Control of both chambers of Congress is still up for grabs, with the Senate coming down to a pair of uncalled toss-up races that appear set to take days to resolve — and the possibility that a runoff in Georgia could once again decide the majority.

And while Republicans still have the inside track to retake the House, a large number of the most competitive House districts remain uncalled, after the GOP failed to capture numerous swing seats the party expected to flip on Tuesday.

Here are all the major outstanding contests, and where some of the ballots that still need to be counted could come from.

The Senate comes down to two key swing states — and maybe a runoff

Democrat John Fetterman flipped Pennsylvania early Wednesday morning, giving his party 48 seats, while Sen. Ron Johnson (R-Wis.) secured reelection late Wednesday morning. That gives Democrats 48 seats and Republicans 49 — meaning whichever party wins two of the three outstanding contests in Arizona, Georgia — which is headed to another runoff — and Nevada will control the Senate.

Arizona and Nevada are the biggest question marks, with significant numbers of votes still to be counted in both states. If either party sweeps those two states, it will take control of the Senate regardless of what happens in Georgia next month.

Democratic Sen. Catherine Cortez Masto is facing off with Republican Adam Laxalt in Nevada. Laxalt leads with more than 80 percent of the expected vote counted. But there is still a long way to go in the state, and Laxalt's advantage is tenuous because of a glut of potentially Democratic-leaning outstanding ballots. Nevada's two most populous counties — Democratic-leaning Clark County, home of Las Vegas, and battleground Washoe County, home of Reno — have at least tens of thousands of outstanding ballots to be counted, but the exact number is not currently known.

In a press conference Thursday afternoon, Clark County registrar of voters Joe Gloria, the chief election official there, said the county still had over 50,000 votes that need to be counted. Gloria said he expected the vast majority of those to be tallied by Saturday.

The county plans to publish results from a new tranche of counted ballots once a day going forward, which are expected to come sometime in the evening.

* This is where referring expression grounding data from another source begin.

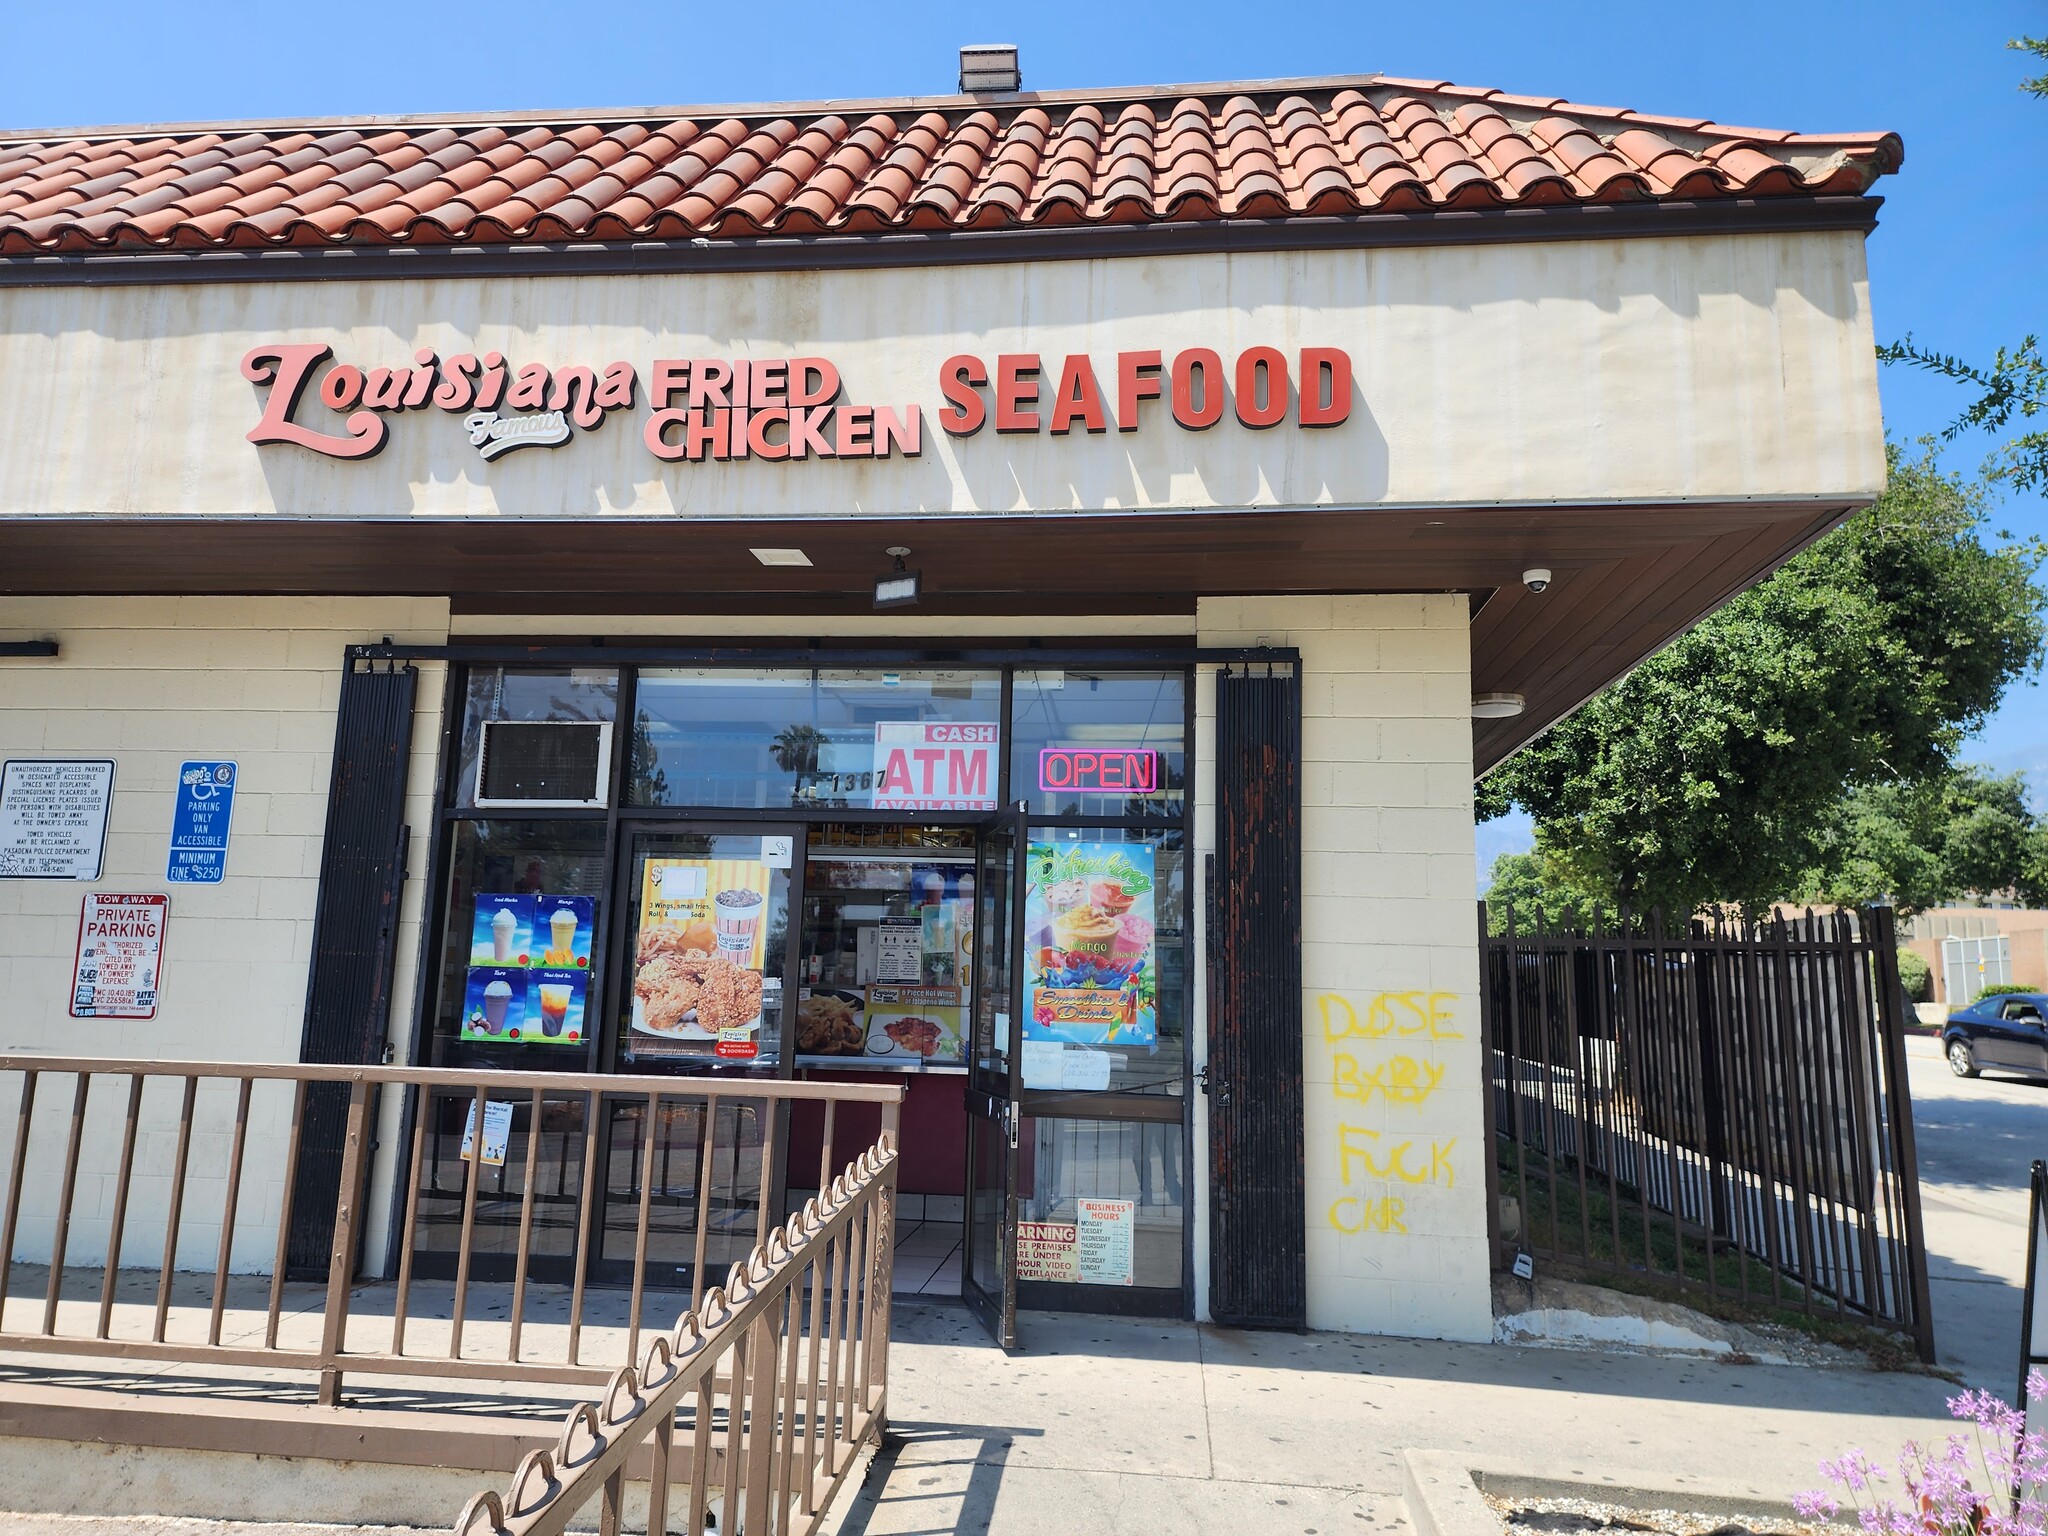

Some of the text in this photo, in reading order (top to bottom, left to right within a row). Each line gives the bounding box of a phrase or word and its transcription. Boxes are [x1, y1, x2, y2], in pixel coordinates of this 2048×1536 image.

[938, 345, 1353, 436] SEAFOOD
[240, 342, 842, 460] Louisiana FRIED
[463, 410, 568, 446] Famous
[645, 402, 923, 461] CHICKEN
[932, 726, 994, 742] CASH
[878, 748, 988, 796] ATM
[1045, 753, 1151, 788] OPEN
[832, 769, 886, 793] 1367
[188, 802, 220, 812] PARKING
[876, 800, 995, 811] AVAILABLE
[192, 813, 213, 823] ONLY
[194, 825, 208, 834] VAN
[177, 835, 222, 845] ACCESSIBLE
[179, 852, 216, 864] MINIMUM
[170, 866, 220, 879] FINE $250
[650, 865, 662, 887] $
[1028, 848, 1153, 896] Refreshing
[98, 895, 120, 903] TOW
[649, 902, 653, 910] 3
[655, 902, 676, 910] Wings,
[695, 902, 711, 910] fries,
[97, 908, 151, 921] PRIVATE
[87, 922, 156, 938] PARKING
[1070, 940, 1107, 953] Mango
[907, 989, 924, 997] Piece
[925, 989, 936, 997] Hot
[937, 989, 956, 997] Wings
[1037, 990, 1115, 1006] Smoothies
[1057, 1005, 1116, 1020] Drinks
[1338, 1122, 1458, 1189] FUCK
[1086, 1203, 1126, 1212] BUSINESS
[1091, 1212, 1120, 1221] HOURS
[1017, 1225, 1075, 1241] ARNING
[1031, 1243, 1072, 1252] PREMISES
[1033, 1251, 1062, 1260] UNDER
[1017, 1260, 1072, 1270] HOUR VIDEO
[1017, 1268, 1067, 1279] RVEILLANCE

New mail ballots are also still arriving: Nevada ballots that have a USPS postmark by Election Day, but are delivered to election officials by Nov. 12, will also be counted, but it is hard to project that total. In Clark, for example, an additional 12,700 ballots were received from Postal Service officials on Wednesday, but just over 600 came in on Thursday.

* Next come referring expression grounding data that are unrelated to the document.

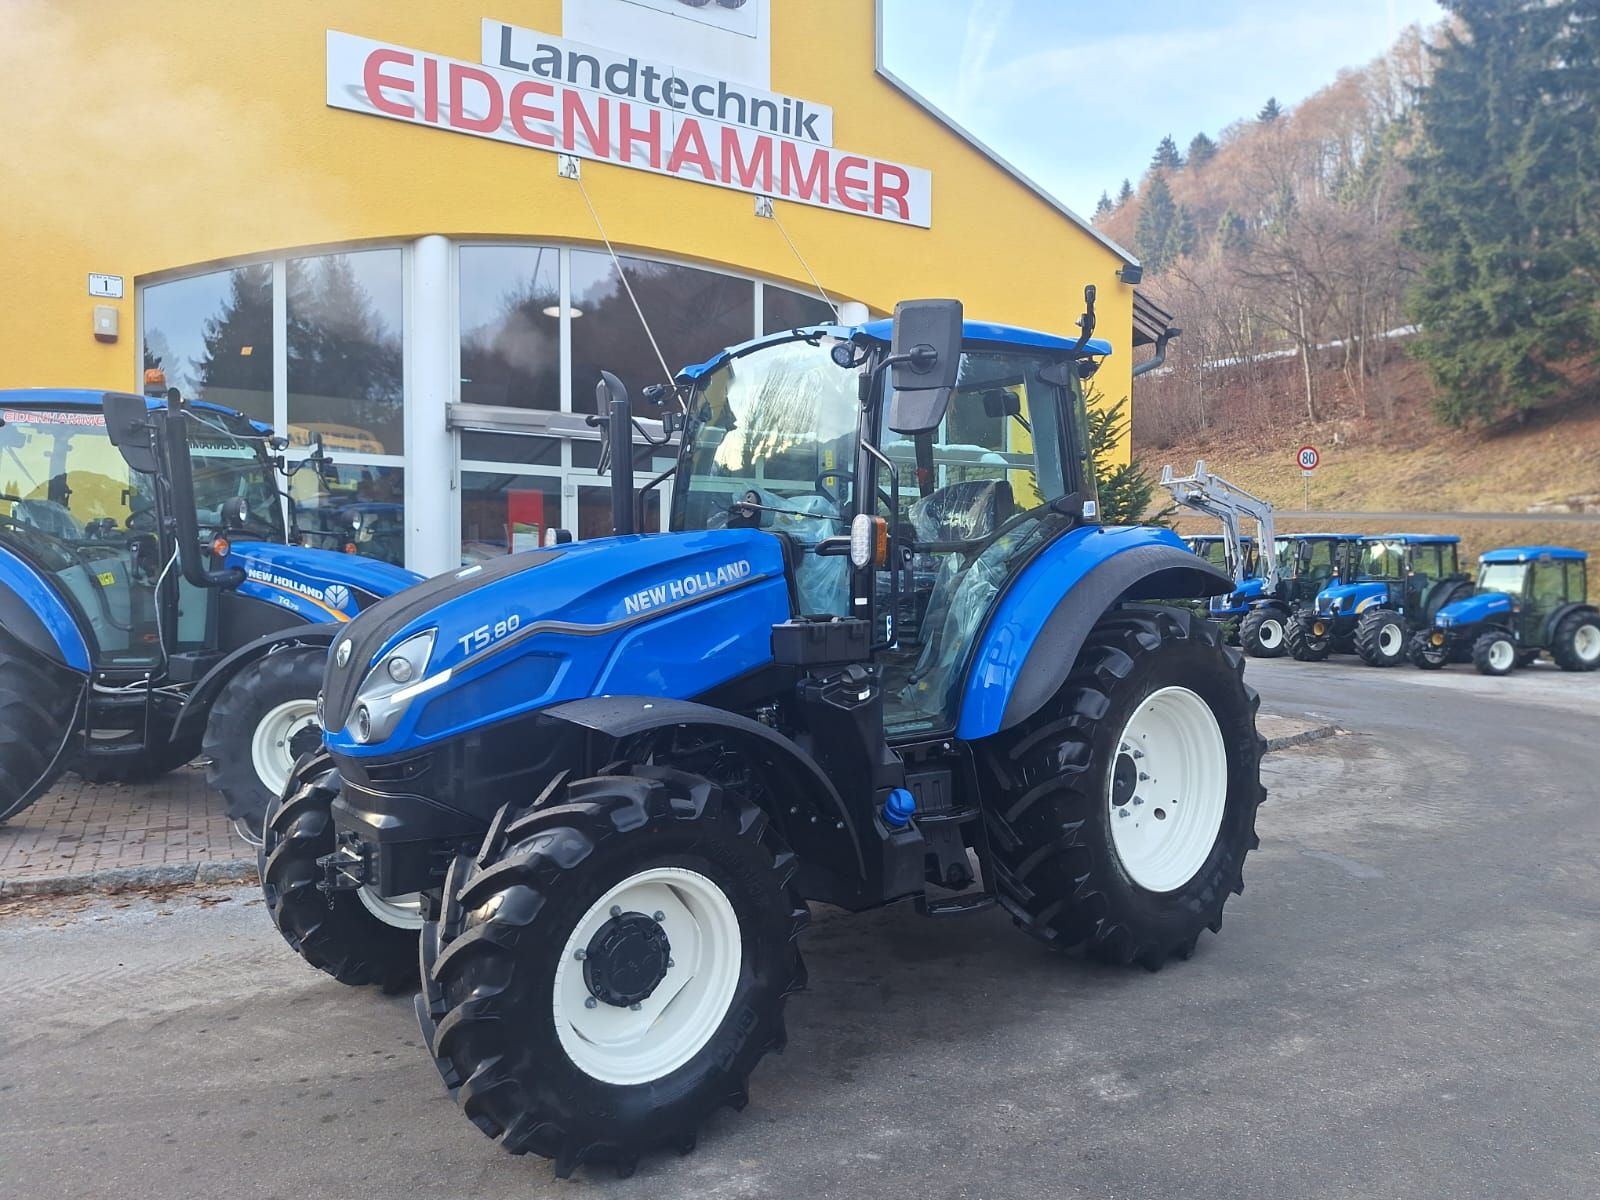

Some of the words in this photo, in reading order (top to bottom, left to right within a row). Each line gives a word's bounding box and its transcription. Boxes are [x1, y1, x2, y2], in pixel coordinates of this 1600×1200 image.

[499, 25, 820, 141] Landtechnik
[363, 47, 912, 221] EIDENHAMMER
[104, 280, 108, 292] 1
[4, 411, 105, 427] EIDENHAMME
[1302, 451, 1315, 465] 80
[248, 569, 272, 582] NEW
[273, 575, 324, 600] HOLLAND
[624, 586, 668, 614] NEW
[671, 559, 751, 600] HOLLAND
[459, 614, 520, 656] T5.80

Gloria also noted that through the end of Monday, voters can "cure" defective ballots — that is, if a ballot comes back unsigned, or election officials are unable to match the signature on the ballot to the one on the voter rolls, voters have an opportunity to prove their identity and get their ballot counted. There are over 7,000 of those ballots in Clark.

Additionally, provisional ballots — for voters who registered at the polling place, for example — likely won't be validated until Wednesday of next week. Gloria said there were over 5,500 of those in Clark County, but not every one of them will ultimately be ruled valid.

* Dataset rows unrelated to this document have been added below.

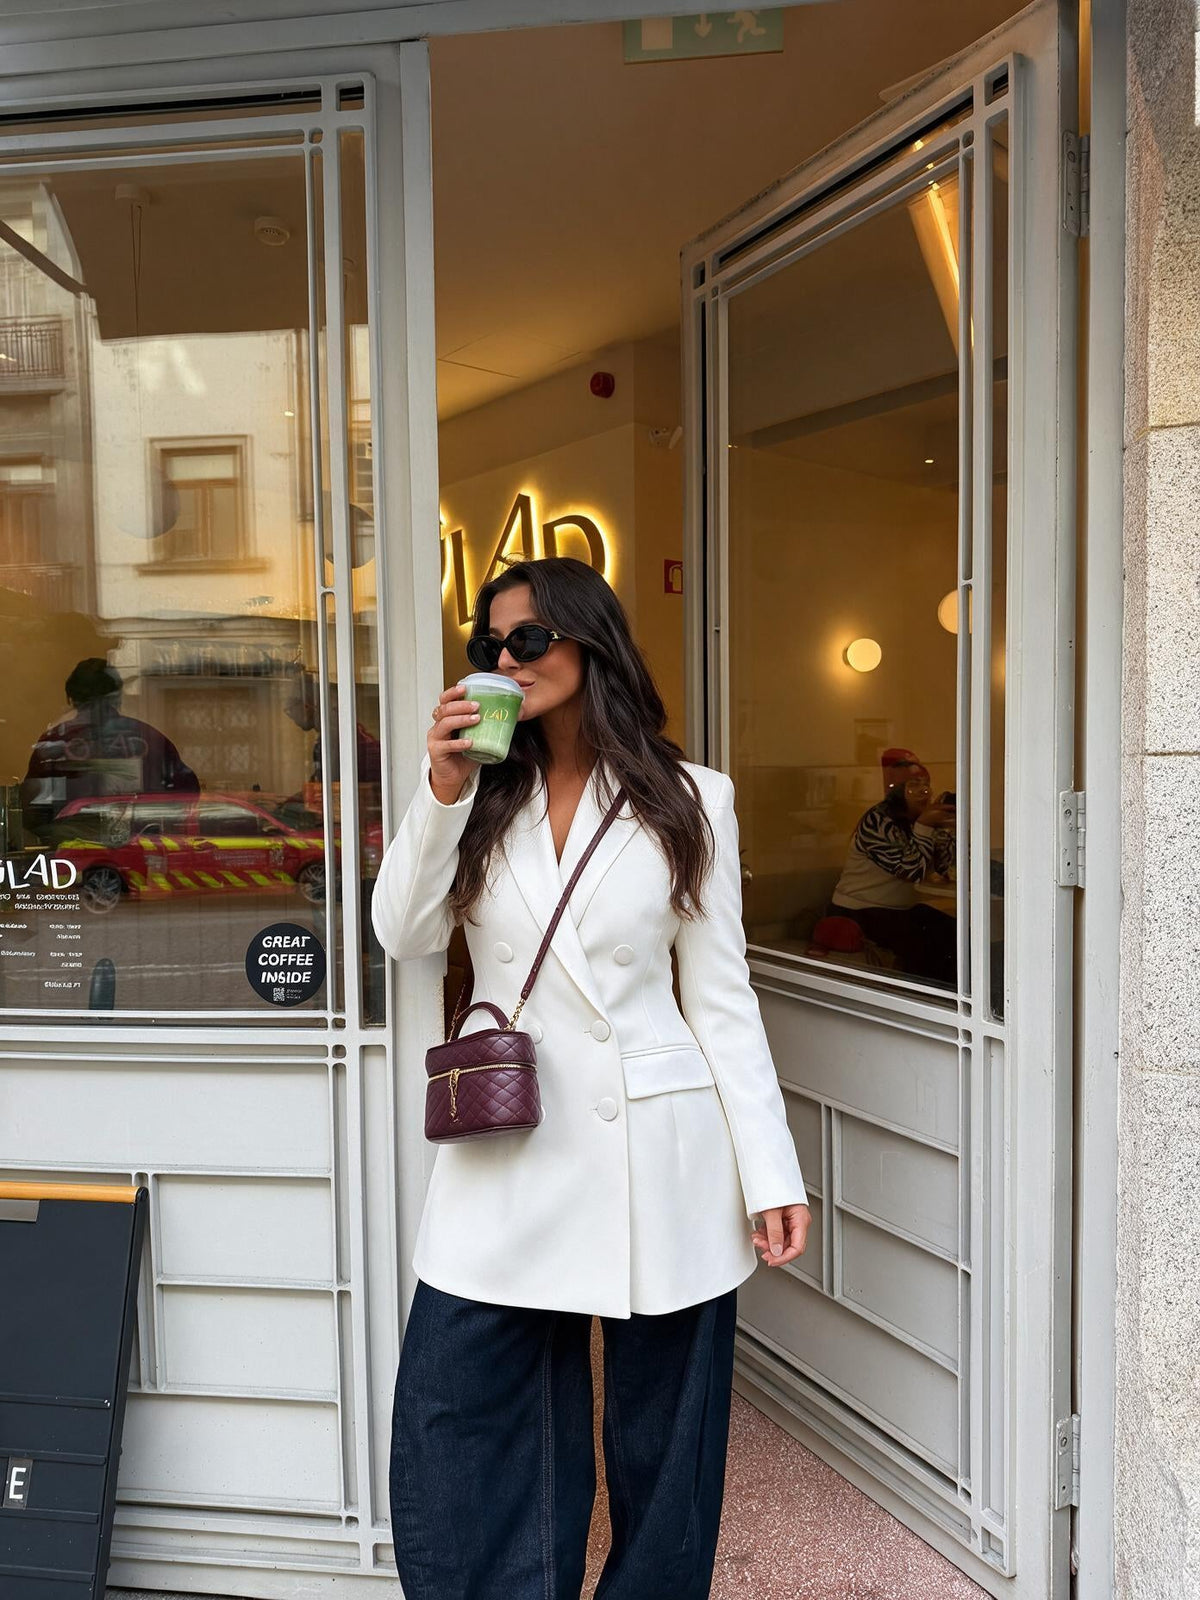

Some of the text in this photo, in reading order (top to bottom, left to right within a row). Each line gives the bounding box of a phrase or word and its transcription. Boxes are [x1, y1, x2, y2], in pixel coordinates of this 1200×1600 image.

[440, 493, 606, 627] LAD
[0, 853, 77, 890] LAD
[262, 935, 311, 948] GREAT
[258, 953, 314, 966] COFFEE
[260, 971, 312, 984] INSIDE
[9, 1467, 27, 1500] E

Similarly, officials in Washoe County have many ballots to count. Jamie Rodriguez, the interim registrar of voters, said in a press conference on Wednesday that she anticipated ballot tallying to run through at least Friday. A spokesperson for the county told CNN earlier on Thursday that it still has about 20,000 ballots that need to be tabulated. Some of the state's rural counties still likely have votes outstanding as well.

Arizona, too, still has many votes outstanding. Democratic Sen. Mark Kelly has the edge, and his lead over Republican Blake Masters is expected to shrink — but not erode completely.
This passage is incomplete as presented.